The workers and their duties

 

Workers are the smallest and most numerous of the bees, constituting over 98% of the colony’s population. One colony, as has been seen, may have as many as 80 000 workers, but 50 000 is a more common maximum.

Although they never mate, the workers possess organs necessary for carrying out the many duties essential to the wellbeing of the colony. They have a longer tongue than the queen and drones, and thus are well fitted for sucking nectar from flowers. They have large honey stomachs to carry the nectar from the field to the hive; they have pollen baskets on their third pair of legs to transport the pollen to the hive. Glands in their head produce royal jelly as food for the larvae and glands in their thorax secrete enzymes necessary for ripening honey. Four sets of wax glands, situated inside the last four ventral segments of the abdomen, produce wax for comb construction. A well-developed sting permits them to defend the colony very efficiently.

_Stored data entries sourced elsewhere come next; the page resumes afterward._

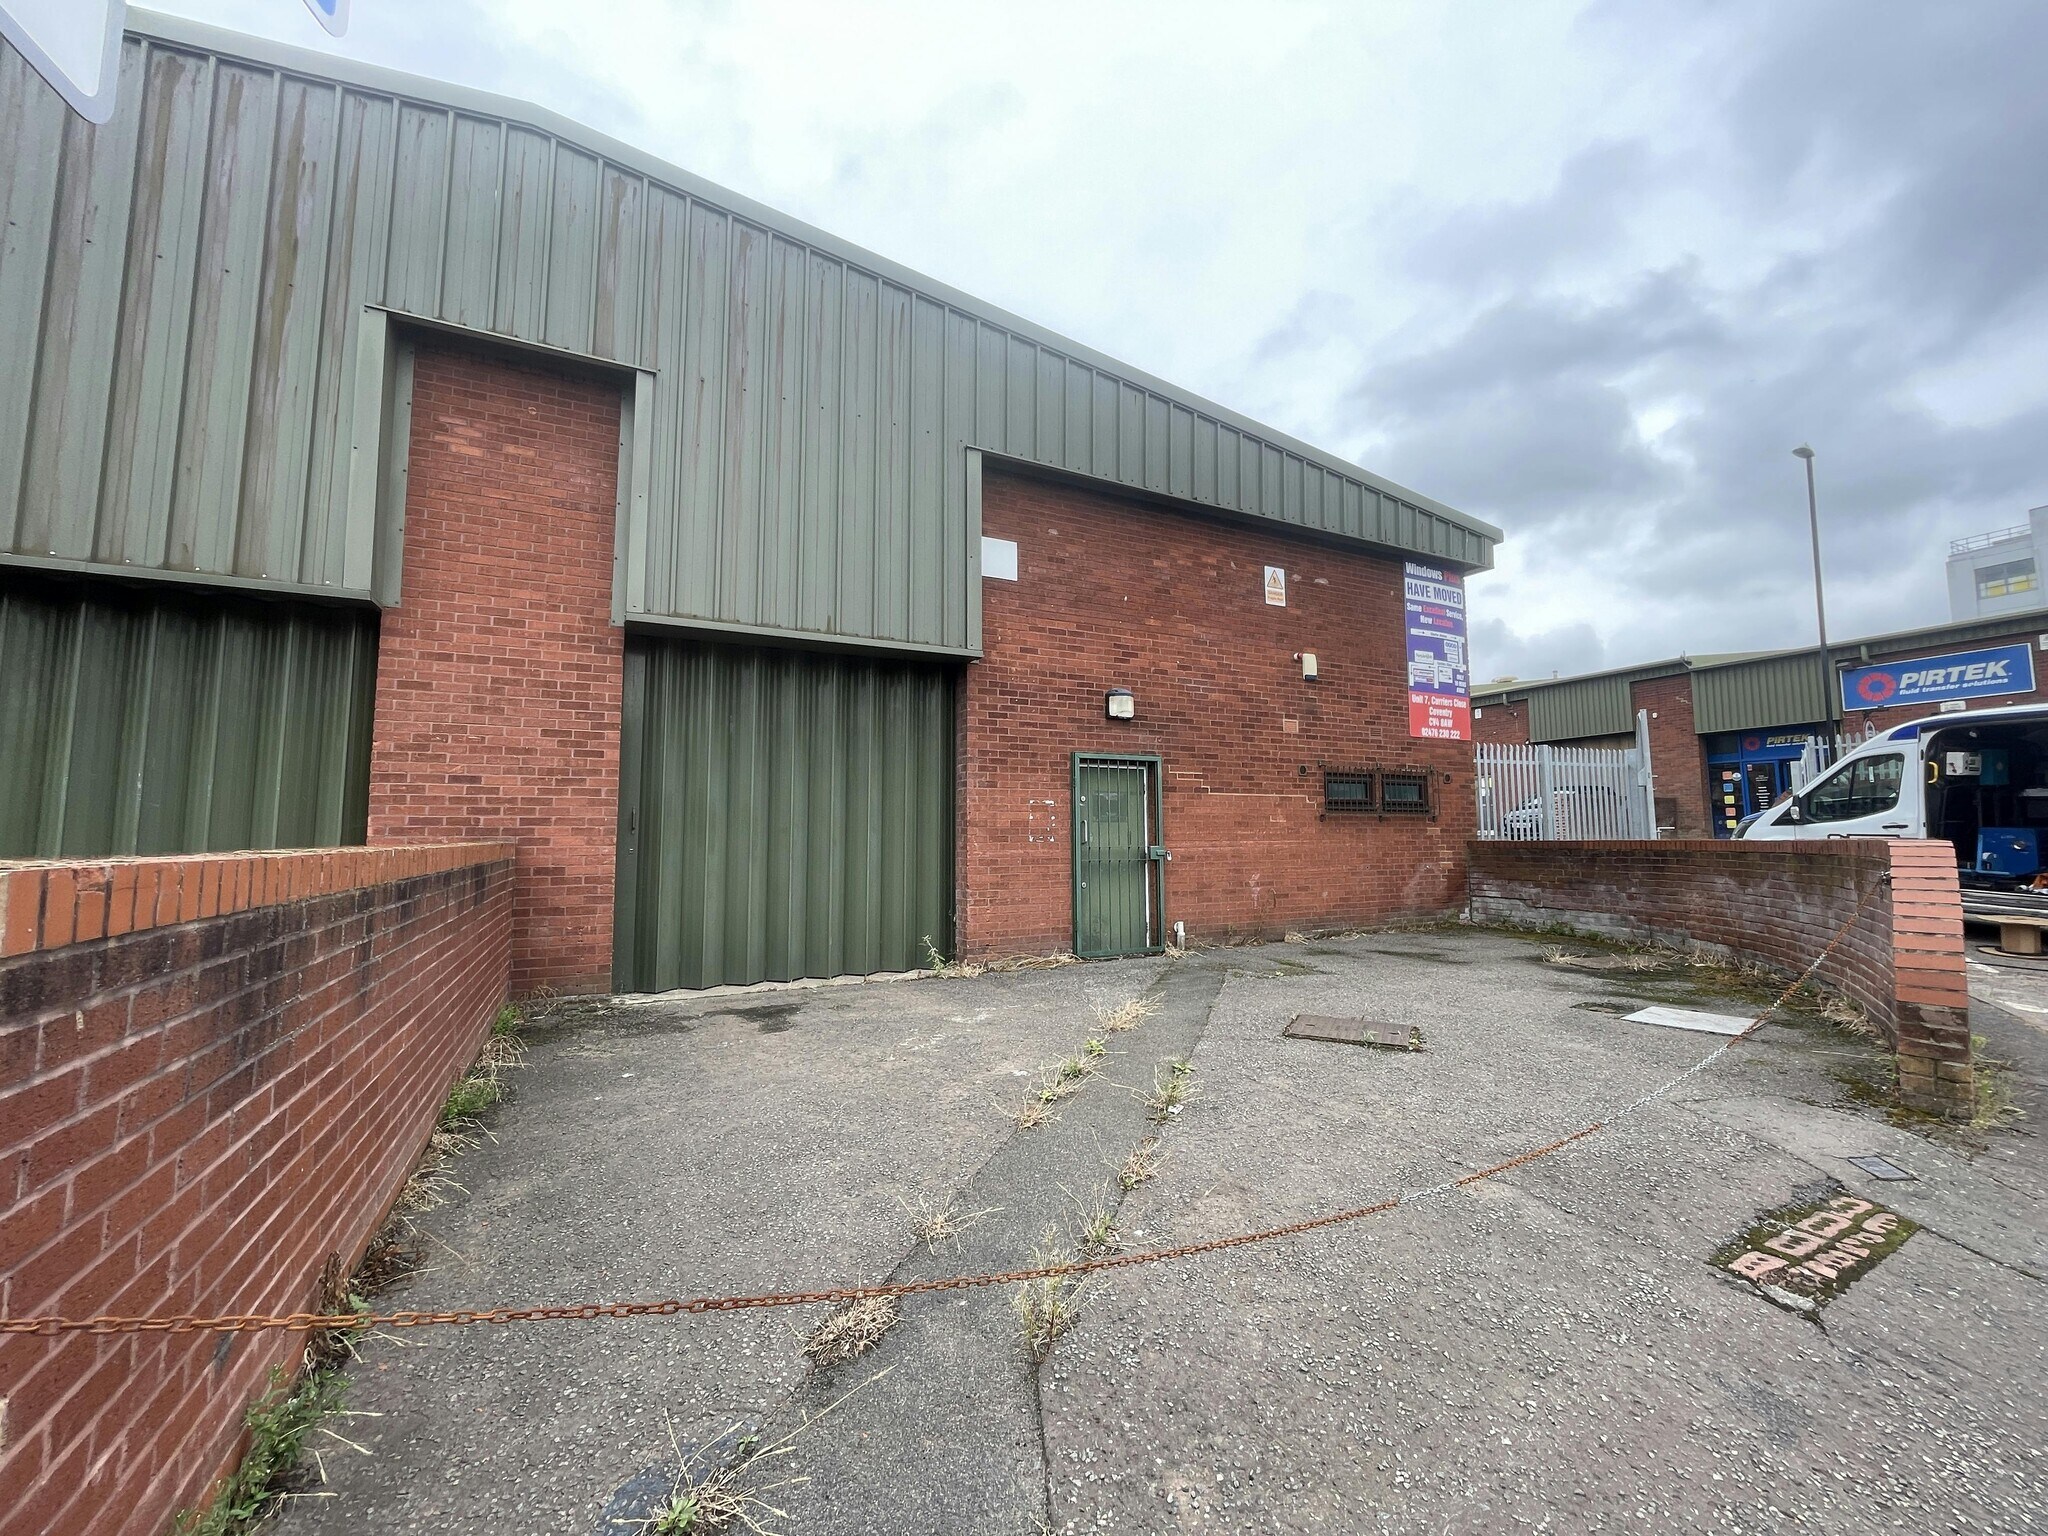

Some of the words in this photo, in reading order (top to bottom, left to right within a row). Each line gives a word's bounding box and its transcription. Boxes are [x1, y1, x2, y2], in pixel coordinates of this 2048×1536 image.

[1407, 582, 1431, 598] HAVE
[1433, 587, 1462, 605] MOVED
[1406, 603, 1422, 613] Same
[1899, 660, 2010, 689] PIRTEK
[1899, 688, 1920, 696] fluid
[1922, 683, 1961, 693] transfer
[1962, 678, 2009, 688] solutions
[1766, 734, 1810, 745] PIRTEK

The kind of work performed by the worker depends largely upon her age. The first three weeks of her adult life, during which she is referred to as a house bee, are devoted to activities within the hive, while the remainder are devoted to field work, so that she is called a field bee.

Duties of the house bee

The duties of a house bee are –

a) cleaning the hive and the comb
b) feeding the brood
c) caring for the queen
d) making orientation flights
e) comb building
f) ventilating the hive
g) packing pollen, water, nectar or honey into the combs
h) executions
i) guard duty

Cleaning

The first activity of the worker bee on reaching maturity is to clean herself. She removes all unnecessary particles, grooms herself immediately and then crawls out of her cell. She takes in food and then starts cleaning the brood cells, employing both tongue and mandibles. The comb cells are cleaned to receive eggs laid by the queen who, before laying, examines the comb cell to satisfy herself that it has been properly cleaned. If she finds a cell that is not properly cleaned, she quickly rejects it. Other duties which may occasionally be necessary include removing dead intruders or dead bees from the hive, and removing debris and other objectionable material. Anything that is too large to carry is often dragged along and pushed outside, while dead snakes, wax moths or other carcasses too heavy to transport are encased with propolis brought in by field bees.

Feeding the brood

After three to five days, the worker bee starts to feed the brood. At this stage she is called a nurse bee. At first she feeds larvae more than three days old with a mixture of honey or nectar, pollen, small quantities of bee milk and some water. After a few days, she starts to feed the younger larvae (1-3 days old) exclusively on bee milk, which she produces in brood-food glands, also called milk glands or hypopharyngeal glands, located in her head.

Caring for the queen

The next work undertaken by the young worker is to provide for the needs of the queen bee. Whenever the queen needs food, she calls for it by stretching out her proboscis towards the mandible or mouth of the nearest worker. The workers are always anxious to satisfy her needs and make a circle or semi-circle around her. The queen contacts the nearest worker, and if she does not get as much as she needs, she approaches the next. This continues until all her demands are met. It is also the duty of the nurse bees to bathe her with their tongues and mandibles and to carry away her faeces.

Orientation flight

The orientation flight is not so much a house duty as an exercise for the young worker. She must learn how to fly, and she must know the vicinity, especially the location of the hive. She therefore first makes some short flights in front of the hive and in the immediate vicinity to acquaint herself with the environment, so that when in the near future she goes out to forage, she will be able to find her way back home.

Comb building

Comb building provides the needed “rooms” in the hive, in the form of hexagonal cells, for two main purposes: storing food and rearing brood. Beeswax, the material for the construction of comb, is secreted by the worker’s wax glands, which are best developed and productive when she is 12-18 days old. The wax, which emerges from the glands as a liquid, hardens quickly and appears in the form of oval flakes similar to small fish scales, protruding from between the last four overlapping abdominal segments on the under-side of the worker’s body. As we have already seen, the bee must consume large amounts of food (honey and nectar) to produce these wax flakes.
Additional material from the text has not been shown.